Cardiac fibrosis inhibitor CTPR390 prevents structural and morphological changes in collagen and fibroblasts of engineered human connective tissue

Cardiac fibrosis is a key characteristic of heart failure, with no effective treatment available. Using three-dimensional human models and cutting-edge biotechnology to evaluate new therapies offers a significant advancement. CTPR390, an experimental anti-fibrotic inhibitor targeting Hsp90, has shown success in animal models, but remains unexplored in human cardiac models. This study evaluated a cardiac three-dimensional engineered connective tissue (ECT) model treated with CTPR390, focusing on changes in the extracellular matrix and fibroblasts.
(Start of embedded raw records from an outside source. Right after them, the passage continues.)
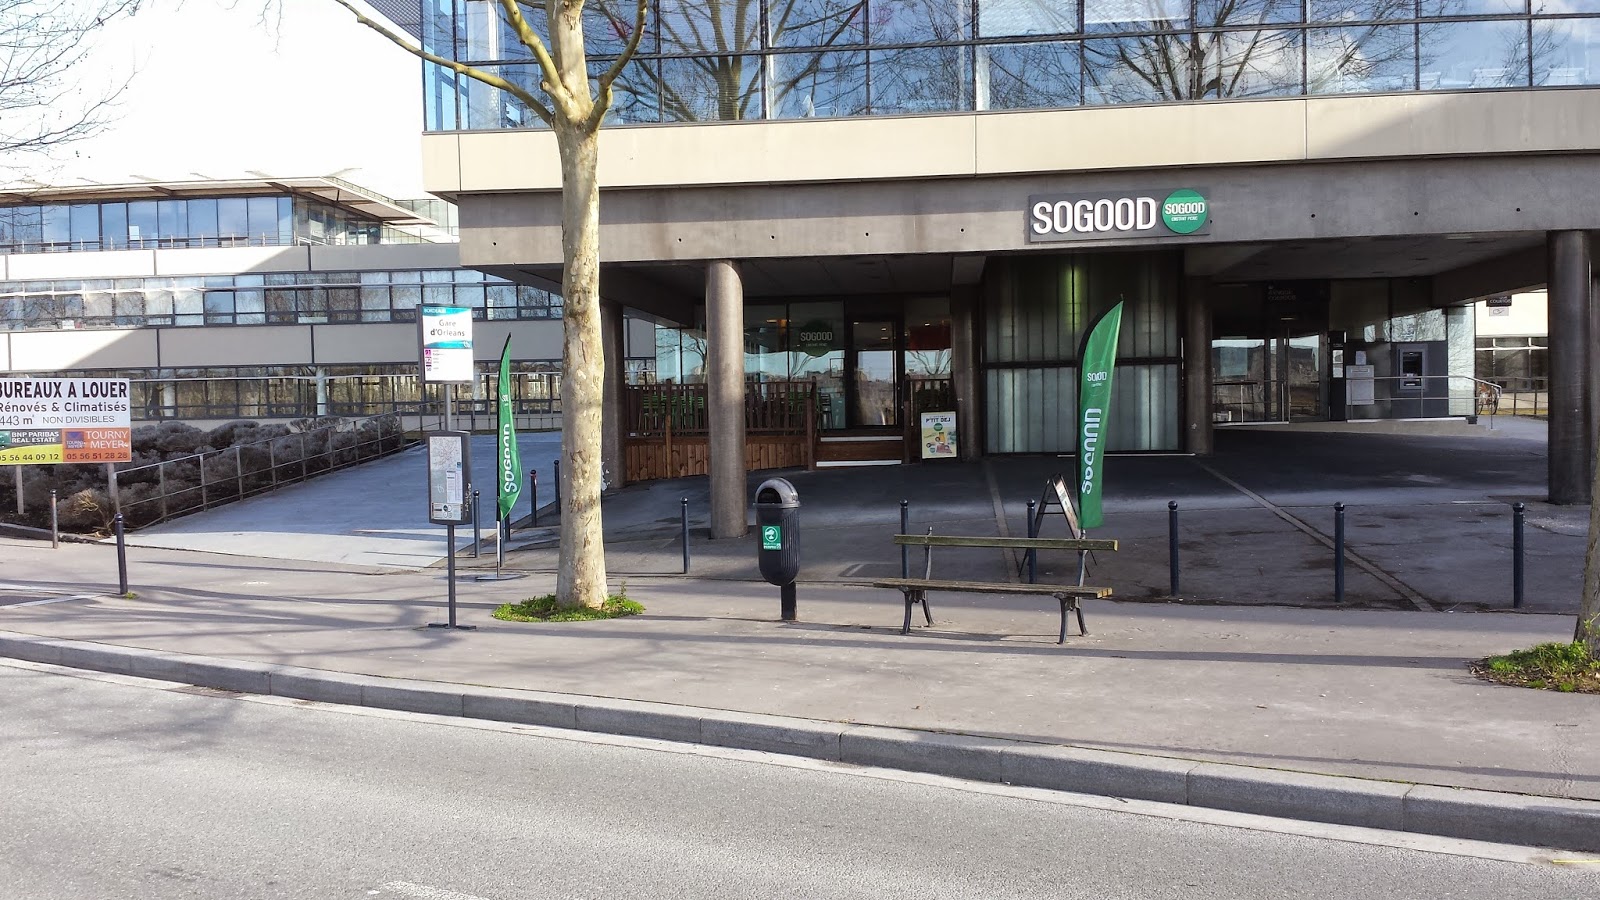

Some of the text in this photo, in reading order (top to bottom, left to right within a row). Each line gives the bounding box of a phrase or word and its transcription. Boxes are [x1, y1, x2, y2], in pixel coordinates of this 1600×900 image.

[1164, 202, 1206, 215] SOGOOD
[1032, 197, 1157, 234] SOGOOD
[438, 319, 457, 327] Gare
[800, 332, 833, 341] SOGOOD
[0, 381, 127, 398] UREAUX A LOUER
[51, 402, 60, 412] &
[64, 401, 127, 412] Climatisés
[42, 416, 63, 424] NON
[66, 415, 115, 423] DIVISIBLES
[86, 431, 128, 439] TOURNY
[90, 440, 123, 449] MEYER
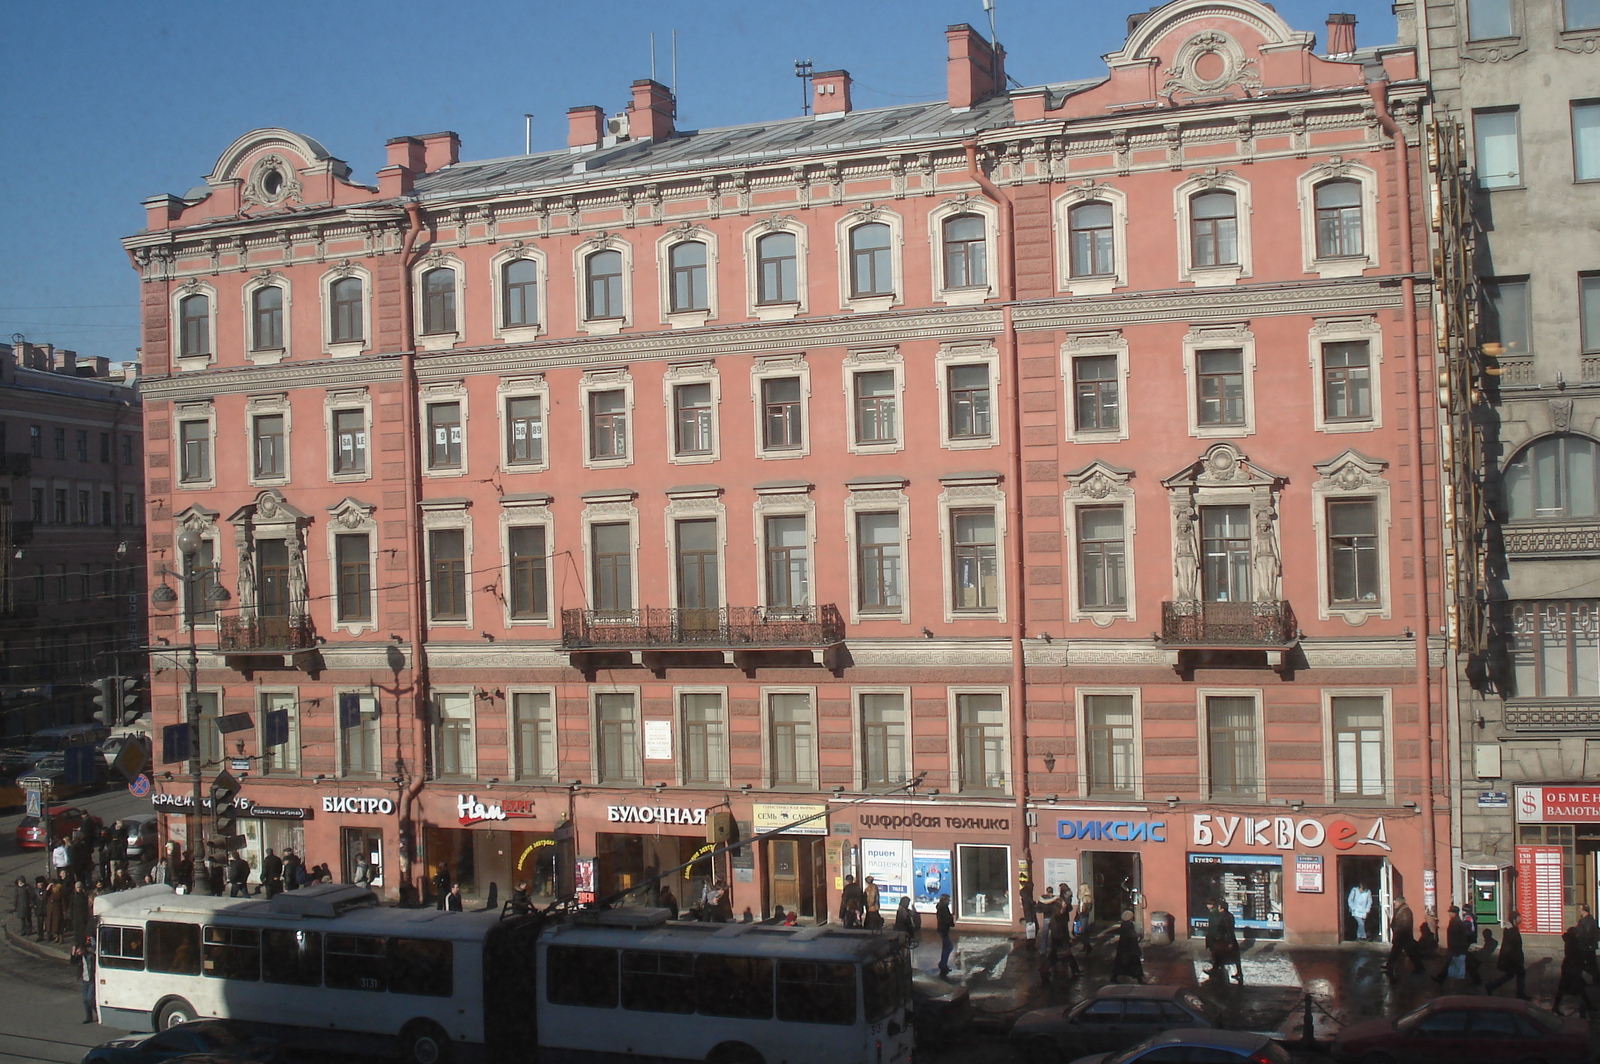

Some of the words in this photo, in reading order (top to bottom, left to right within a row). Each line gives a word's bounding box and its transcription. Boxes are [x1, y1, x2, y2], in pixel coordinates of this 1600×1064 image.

[451, 430, 461, 440] 74
[515, 427, 526, 436] 58
[532, 425, 542, 434] 89
[1546, 793, 1600, 803] ОБМЕН
[322, 796, 393, 814] БИСТРО
[457, 794, 507, 820] Ням
[501, 799, 535, 812] БУРГ
[607, 806, 706, 825] БУЛОЧНАЯ
[757, 812, 778, 820] СЕМЬ
[860, 812, 941, 830] цифровая
[944, 816, 1010, 831] техника
[868, 850, 895, 858] прием
[1266, 913, 1280, 922] 24
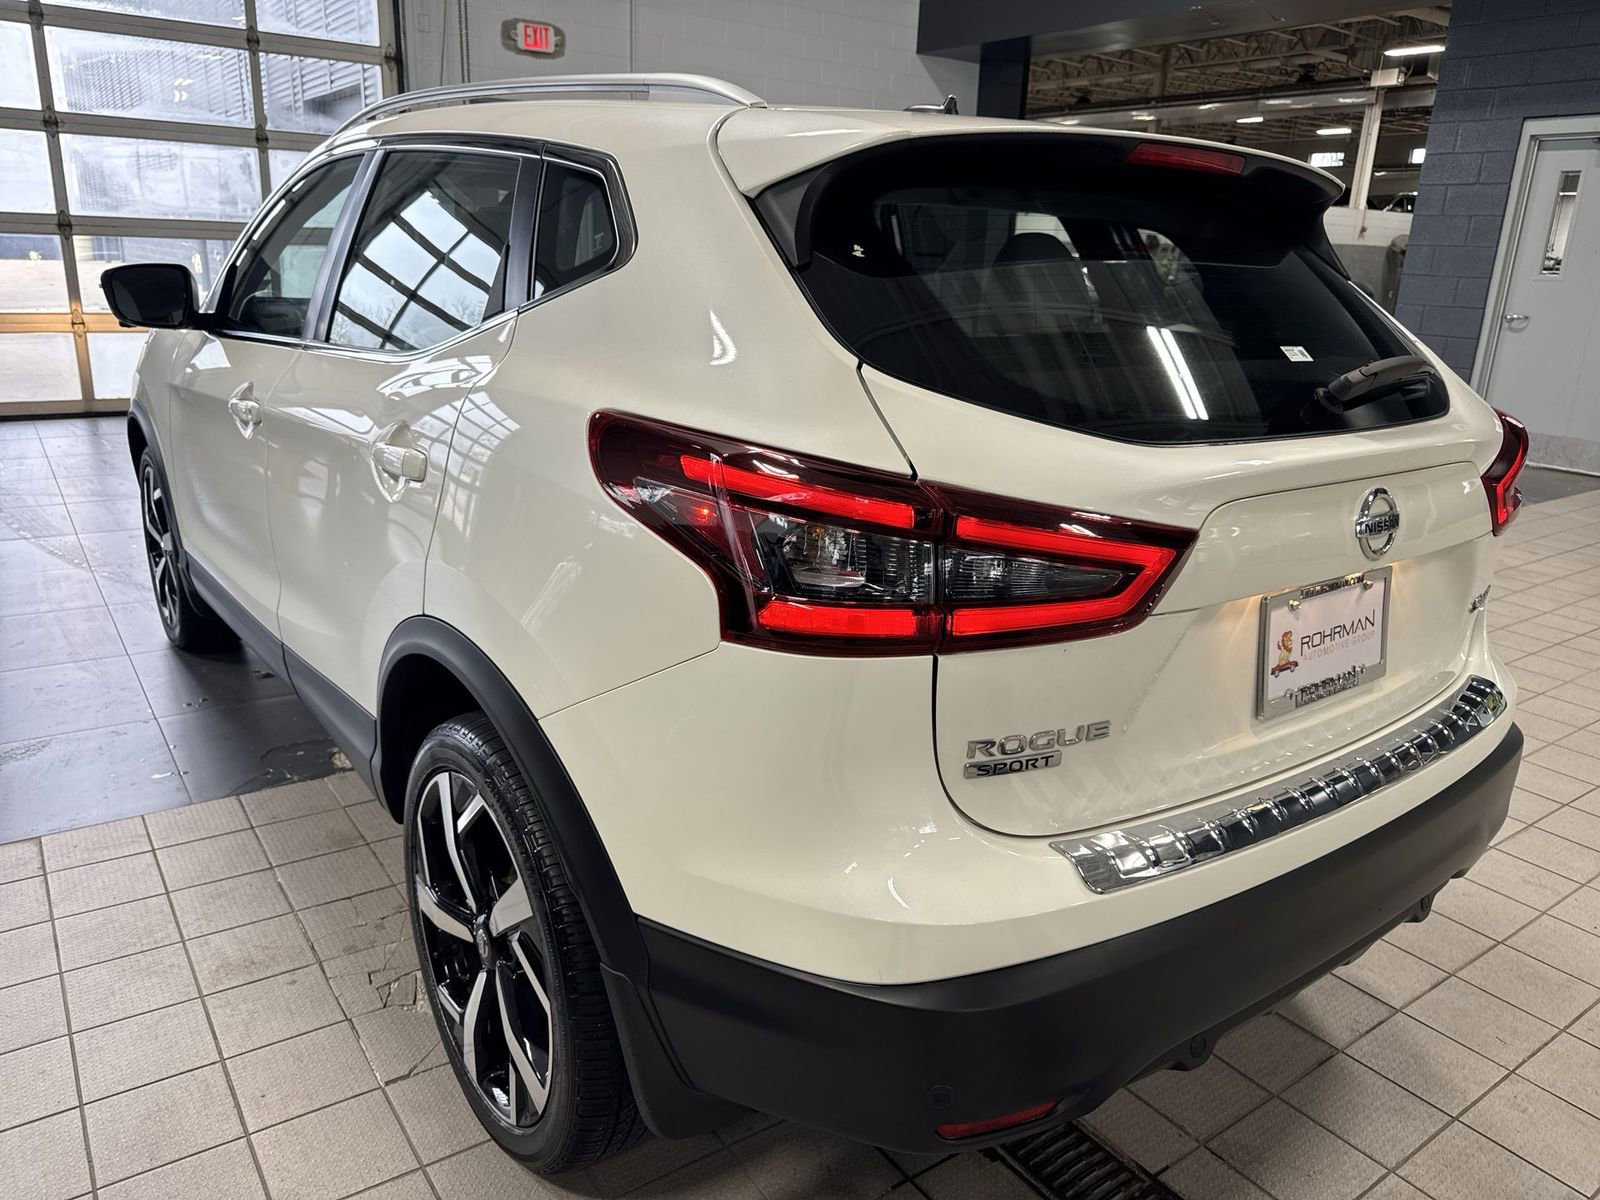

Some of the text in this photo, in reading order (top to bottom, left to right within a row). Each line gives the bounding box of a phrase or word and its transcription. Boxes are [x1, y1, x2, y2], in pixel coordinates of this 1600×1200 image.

[524, 24, 551, 49] EXIT
[1365, 514, 1400, 533] NISSAN
[1300, 609, 1376, 656] ROHRMAN
[1303, 630, 1376, 661] AUTOMOTIVE GROUP
[966, 720, 1112, 760] ROGUE
[976, 755, 1055, 777] SPORT
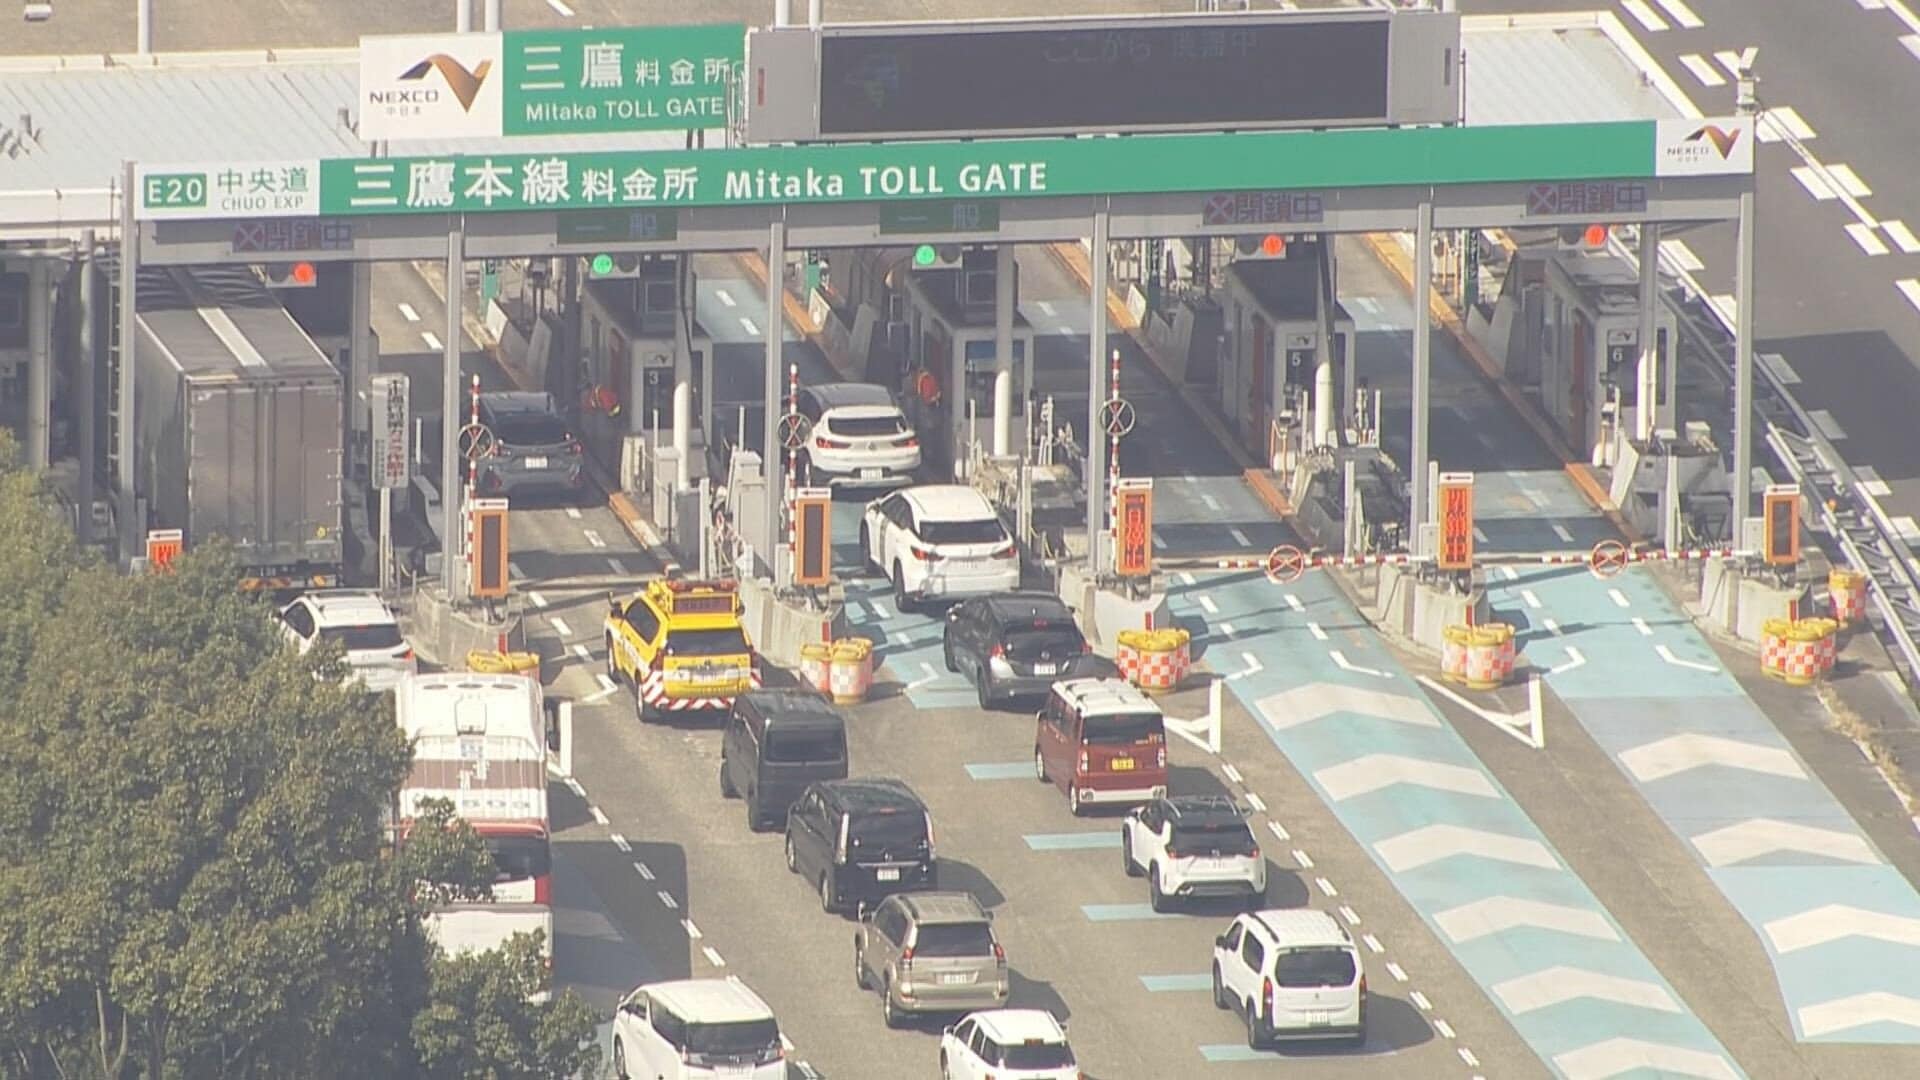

Results showed that CTPR390 prevented architectural changes in TGFβ1-activated ECT, preserving tissue perimeter, collagen fibers alignment while reducing percentage of structured areas and degree of collagen structuration. Additionally, the treatment reduced cell area of elongated fibroblasts under tension, without changes in the internal rounded cells devoid of tension. Fibroblast recruitment to tension areas was diminished, showing biomechanical behavior similar to control ECT. This treatment also lowered the gene and protein expression of key pro-fibrotic markers. For the first time, advanced biotechnology was employed to detect the detailed structure of tissue fibrosis reduction after administering CTPR390, representing a significant advancement toward clinical application for cardiac fibrosis treatment.